The first took place in St. Petersburg one soft Indian-summer's evening,
in a cosy room on the Gagarine Quay, from the windows of which we looked
out with admiration upon the blue expanse of the Neva, as it reflected
the burnished gold of the spire of the Fortress church. At that time we
gazed upon the wavelets of the river and the wonders of the world from
exactly the same angle of vision.

The second of these memorable conversations occurred after the lapse of
nine years. We had met together in the old place, and sauntering out one
bitterly cold December evening resumed the discussion, walking to and fro
on the moonlit bank of the ice-bound river, until evening merged into
night and the moon sank beneath the horizon, leaving us in total
darkness, vainly desirous, like Goethe, of "light, more light."

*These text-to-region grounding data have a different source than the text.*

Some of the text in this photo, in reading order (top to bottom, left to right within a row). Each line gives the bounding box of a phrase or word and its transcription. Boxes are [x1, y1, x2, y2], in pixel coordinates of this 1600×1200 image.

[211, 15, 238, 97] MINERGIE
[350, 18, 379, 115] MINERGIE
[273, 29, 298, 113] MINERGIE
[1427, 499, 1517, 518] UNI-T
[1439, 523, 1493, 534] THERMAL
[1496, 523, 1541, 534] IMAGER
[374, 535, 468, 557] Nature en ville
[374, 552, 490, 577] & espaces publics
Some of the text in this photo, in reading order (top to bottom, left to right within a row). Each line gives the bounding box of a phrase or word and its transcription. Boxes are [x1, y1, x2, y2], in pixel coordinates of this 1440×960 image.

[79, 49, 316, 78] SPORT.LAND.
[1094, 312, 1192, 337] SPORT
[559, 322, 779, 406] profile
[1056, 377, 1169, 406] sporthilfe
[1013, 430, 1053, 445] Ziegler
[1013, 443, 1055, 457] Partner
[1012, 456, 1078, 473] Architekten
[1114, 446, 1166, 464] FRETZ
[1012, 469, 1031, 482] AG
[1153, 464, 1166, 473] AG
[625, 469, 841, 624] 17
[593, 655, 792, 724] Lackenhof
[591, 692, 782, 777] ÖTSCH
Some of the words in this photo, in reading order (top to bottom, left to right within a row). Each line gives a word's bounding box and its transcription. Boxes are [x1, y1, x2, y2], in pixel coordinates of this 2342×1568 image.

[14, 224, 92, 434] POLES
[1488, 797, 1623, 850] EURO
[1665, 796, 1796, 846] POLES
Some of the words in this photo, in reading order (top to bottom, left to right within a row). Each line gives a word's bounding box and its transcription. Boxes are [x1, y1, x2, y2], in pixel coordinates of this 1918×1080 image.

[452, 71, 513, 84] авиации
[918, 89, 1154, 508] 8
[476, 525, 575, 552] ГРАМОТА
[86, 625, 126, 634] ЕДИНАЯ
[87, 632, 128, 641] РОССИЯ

Our last exchange of views took place after six further years had sped
away, and we stood last August on the summit of the historic Moenchsberg,
overlooking the final resting-place of the great Paracelsus. The long and
interesting discussions which we had on that occasion, just before
setting out in opposite directions, you to the East and I to the West,
neither of us is likely ever to forget.

It is in commemoration of these pleasant conversations, and more
especially of the good old times, now past for ever, when we looked out
upon the wavelets of the Neva and the wonders of the world from the same
angle of vision, that I ask you to allow me to associate your name with
this translation of the primitive texts of the Sceptics of the Old
Testament.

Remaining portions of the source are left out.